Since even an integral calculator couldn't handle this, I wondered if this question can be solved. Therefore I came back to MathSE to seek help.
Is it solvable? If so, then how? Thanks in advance.
Best Answer
As said, at the price of the "monster" given by @Raffaele in comments, you can compute it.
What you could also do (but at the price of another infinite summation, is to use $$\sqrt{\cos(x)}=t \implies x=\cos ^{-1}\left(t^2\right)\implies dx=-\frac{2 t}{\sqrt{1-t^4}}\,dt$$ to make $$I=-2\int \frac{t^2}{\sqrt{1-t^4}}\, \cos ^{-1}\left(t^2\right)\,dt$$
Now, using $$\frac{t^2}{\sqrt{1-t^4}}=\sum_{n=0}^\infty (-1)^n \binom{-\frac{1}{2}}{n}\, t^{4 n+2}$$ we face the problem of $$J_n=\int t^{4 n+2}\, \cos ^{-1}\left(t^2\right)\,dt$$ which are $$J_n=\frac{t^{4 n+3} \left(2 t^2 \, _2F_1\left(\frac{1}{2},\frac{4n+5}{4};\frac{4n+9}{4};t^4\right)+(4 n+5) \cos ^{-1}\left(t^2\right)\right)}{(4 n+3) (4 n+5)}$$ But, these integrals express also in terms of elliptic integrals of the first kind. Their general form is $$J_n= t \sqrt{1-t^4}P_{n}(t^4)+\frac {t^{4n+3}}{4n+3} \, \cos ^{-1}\left(t^2\right)+a_n\, F\left(\left.\sin ^{-1}(t)\right|-1\right)$$
Concerning the $a_n$'s, they form the sequence $$\left\{\frac{2}{9},\frac{10}{147},\frac{30}{847},\frac{26}{1155},\frac{442}{27797}, \frac{1326}{110561},\frac{11050}{1168101},\frac{320450}{41575743},\cdots\right\}$$ which do not seem to be known in $OEIS$.

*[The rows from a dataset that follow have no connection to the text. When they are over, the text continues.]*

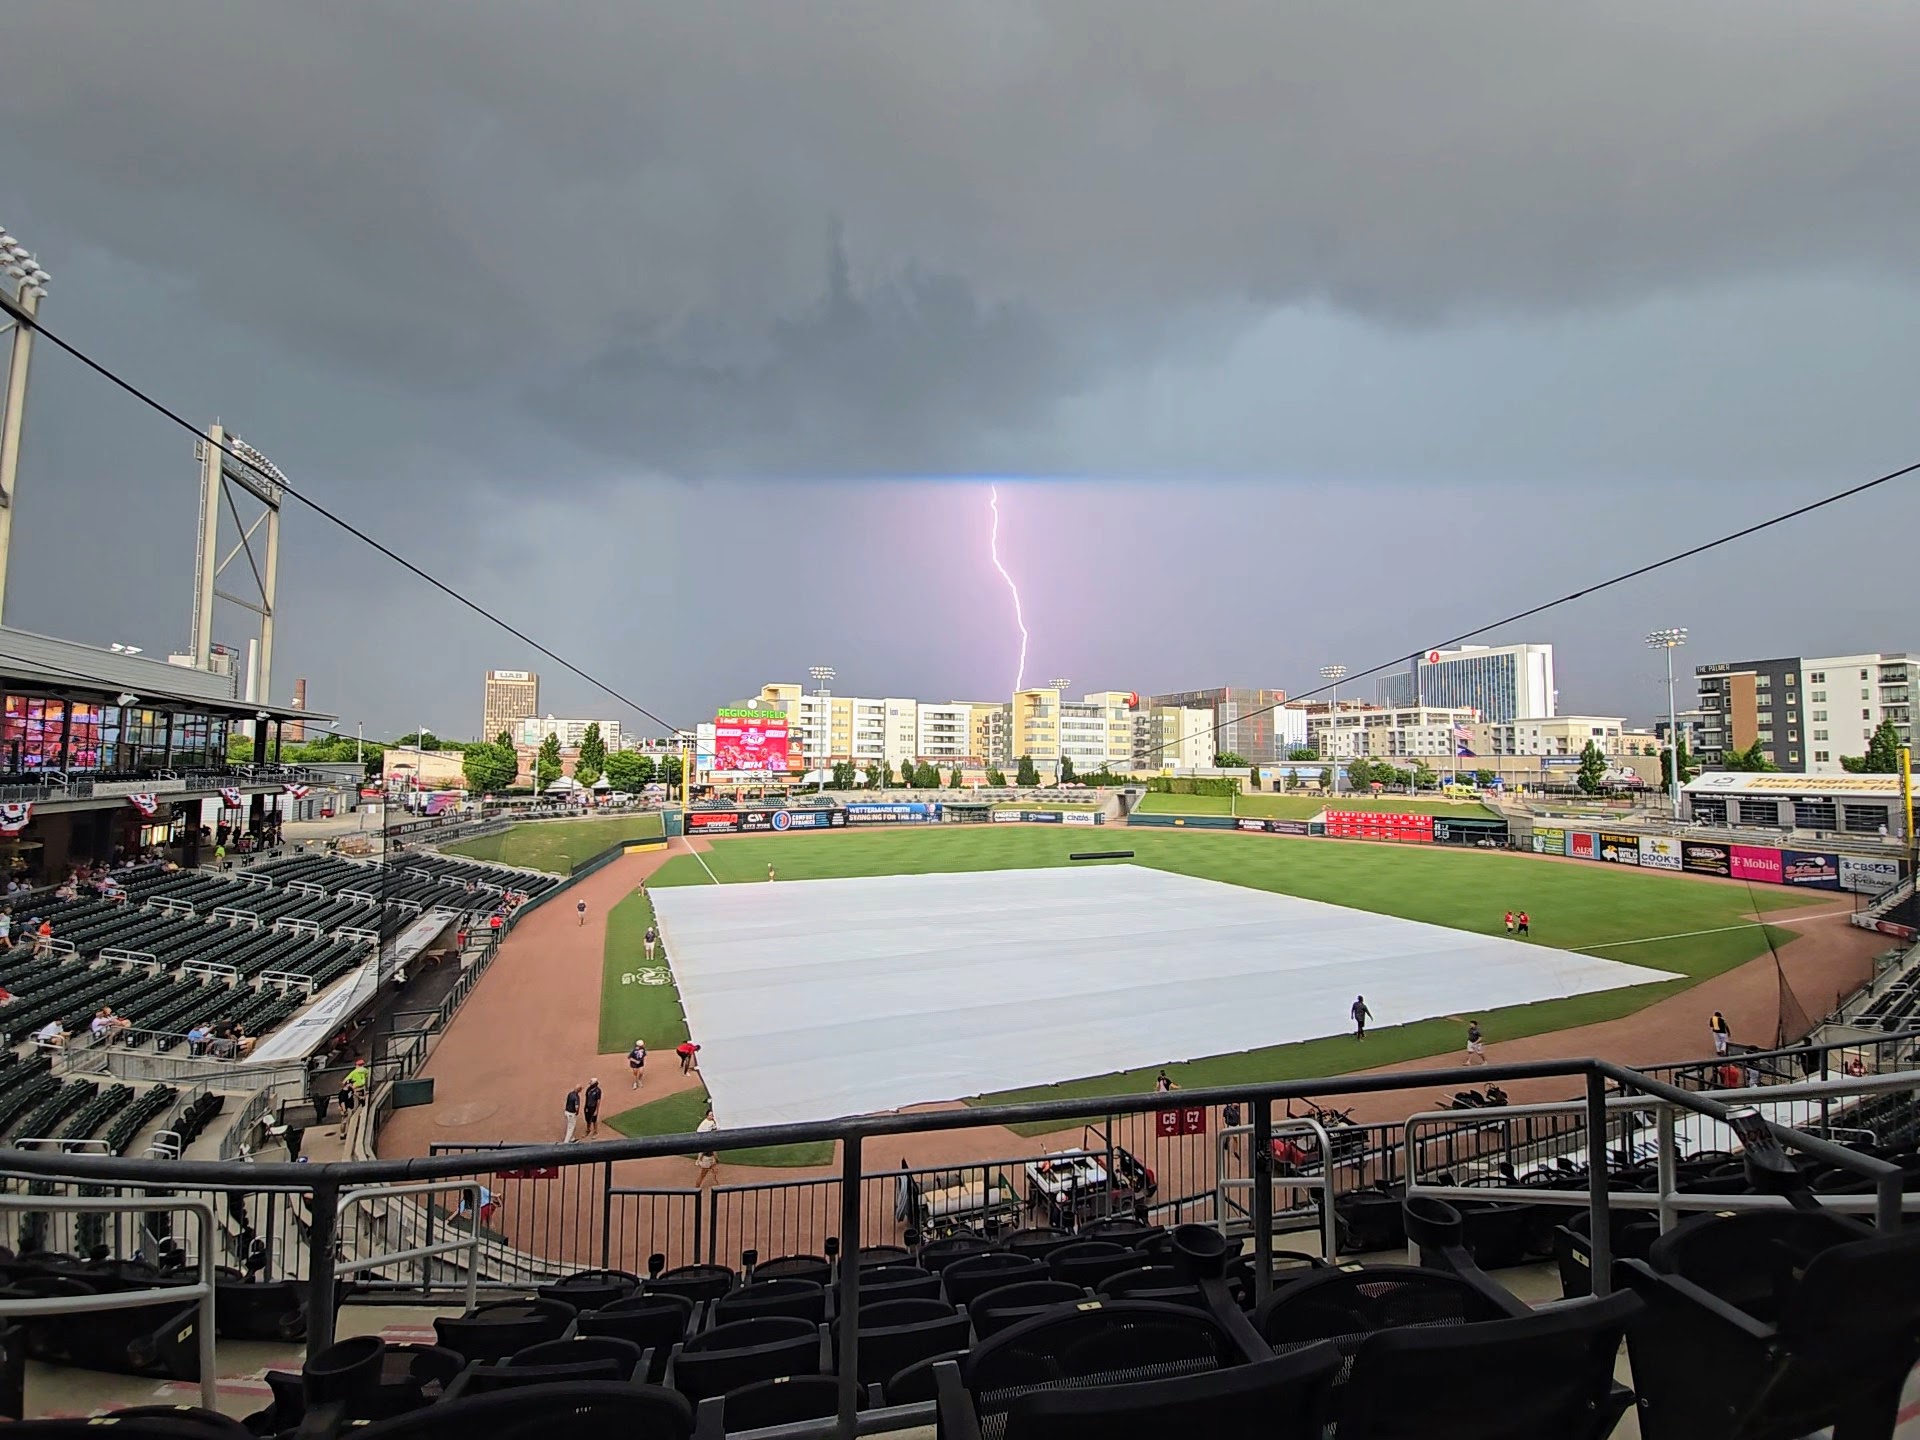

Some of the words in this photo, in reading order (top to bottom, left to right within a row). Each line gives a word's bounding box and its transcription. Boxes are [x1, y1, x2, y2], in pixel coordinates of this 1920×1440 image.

[1708, 663, 1730, 672] PALMER
[718, 708, 759, 718] REGIONS
[761, 710, 786, 719] FIELD
[848, 806, 893, 814] WETTERMARK
[1327, 811, 1378, 819] CHAMPIONS
[1618, 850, 1638, 859] WILD
[1641, 853, 1681, 865] COOK'S
[1743, 858, 1780, 871] Mobile
[1163, 1112, 1176, 1125] C6
[1187, 1111, 1200, 1123] C7

However, in a private discussion, @Raymond Manzoni did identify the sequence $$a_n=\frac{2}{3 (4 n+3)}\prod_{k=1}^n \frac{4 k+1}{4 k+3}=\frac{2}{3 (4 n+3)}\frac{\Gamma \left(\frac{7}{4}\right) \Gamma \left(n+\frac{5}{4}\right)}{\Gamma \left(\frac{5}{4}\right) \Gamma \left(n+\frac{7}{4}\right)}$$
I think that the above would be interesting from a computing point of view.
Edit
If we are concerned by $$I=\int_0^{\frac \pi 2} x\sqrt{\cos (x)}\,dx=\frac{4}{15} \, _3F_2\left(1,\frac{5}{4},\frac{5}{4};\frac{7}{4},\frac{9}{4};1\right)$$
Now, using
$$I=-2\sum_{n=0}^\infty (-1)^n \binom{-\frac{1}{2}}{n}\, J_n$$ Integrated between $0$ and $1$, the first two terms of the expressions for $J_n$ are $0$ and we are left with $$J_n=a_n\, K(-1)=\frac{2\, \sqrt{\pi } \,\Gamma \left(n+\frac{5}{4}\right)}{(4 n+3)^2 \,\Gamma \left(n+\frac{3}{4}\right)}$$
$$I=-4 \sqrt{\pi }\sum_{n=0}^\infty (-1)^n \binom{-\frac{1}{2}}{n}\,\frac{ \Gamma \left(n+\frac{5}{4}\right)}{(4 n+3)^2 \,\Gamma \left(n+\frac{3}{4}\right)}$$ $$I=-\frac{\sqrt{\pi }\, \Gamma \left(\frac{1}{4}\right)}{9 \,\Gamma \left(\frac{3}{4}\right)}\, _3F_2\left(\frac{1}{2},\frac{3}{4},\frac{5}{4};\frac{7}{4},\frac{7}{4};1\right )$$
Update
All of the above is so complex that, may be, approximations could be used.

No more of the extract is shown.